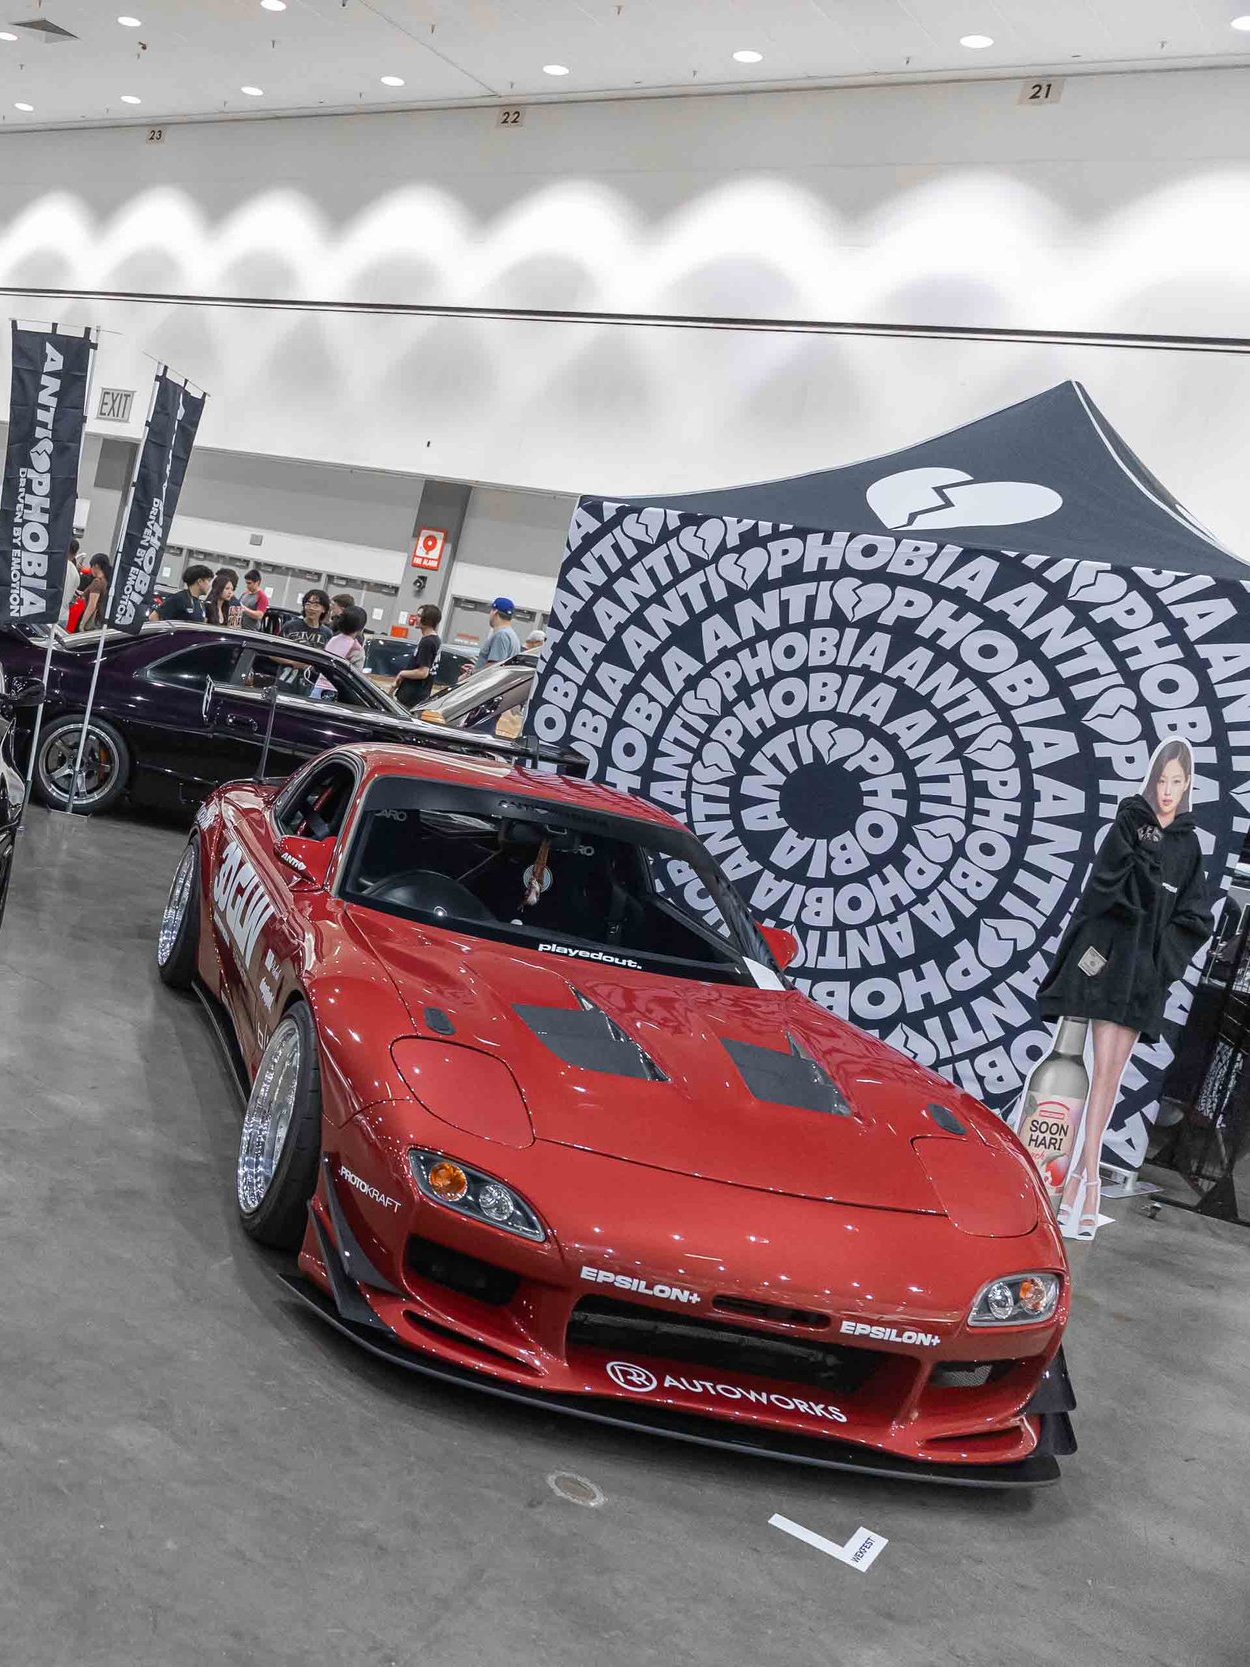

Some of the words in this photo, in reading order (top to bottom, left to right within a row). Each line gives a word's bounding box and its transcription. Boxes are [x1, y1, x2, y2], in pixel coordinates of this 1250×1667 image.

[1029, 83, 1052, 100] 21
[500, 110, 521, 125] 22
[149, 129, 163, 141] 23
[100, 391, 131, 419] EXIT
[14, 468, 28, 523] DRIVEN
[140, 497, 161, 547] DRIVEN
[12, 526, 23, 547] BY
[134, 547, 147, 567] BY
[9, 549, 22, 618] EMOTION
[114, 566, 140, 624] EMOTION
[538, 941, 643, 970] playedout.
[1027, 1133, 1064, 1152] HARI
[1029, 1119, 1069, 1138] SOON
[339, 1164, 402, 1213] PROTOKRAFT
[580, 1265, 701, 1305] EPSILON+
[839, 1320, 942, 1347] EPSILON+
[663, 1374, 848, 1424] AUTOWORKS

□ □ □

EXERCISE DETAILS :: Quote all of the entries word for word, omitting any pictures.

SOLUTION ::
Some of the words in this photo, in reading order (top to bottom, left to right within a row). Each line gives a word's bounding box and its transcription. Boxes are [x1, y1, x2, y2], in pixel coordinates of this 1250×1667 image.

[1029, 83, 1052, 100] 21
[500, 110, 521, 125] 22
[149, 129, 163, 141] 23
[100, 391, 131, 419] EXIT
[14, 468, 28, 523] DRIVEN
[140, 497, 161, 547] DRIVEN
[12, 526, 23, 547] BY
[134, 547, 147, 567] BY
[9, 549, 22, 618] EMOTION
[114, 566, 140, 624] EMOTION
[538, 941, 643, 970] playedout.
[1027, 1133, 1064, 1152] HARI
[1029, 1119, 1069, 1138] SOON
[339, 1164, 402, 1213] PROTOKRAFT
[580, 1265, 701, 1305] EPSILON+
[839, 1320, 942, 1347] EPSILON+
[663, 1374, 848, 1424] AUTOWORKS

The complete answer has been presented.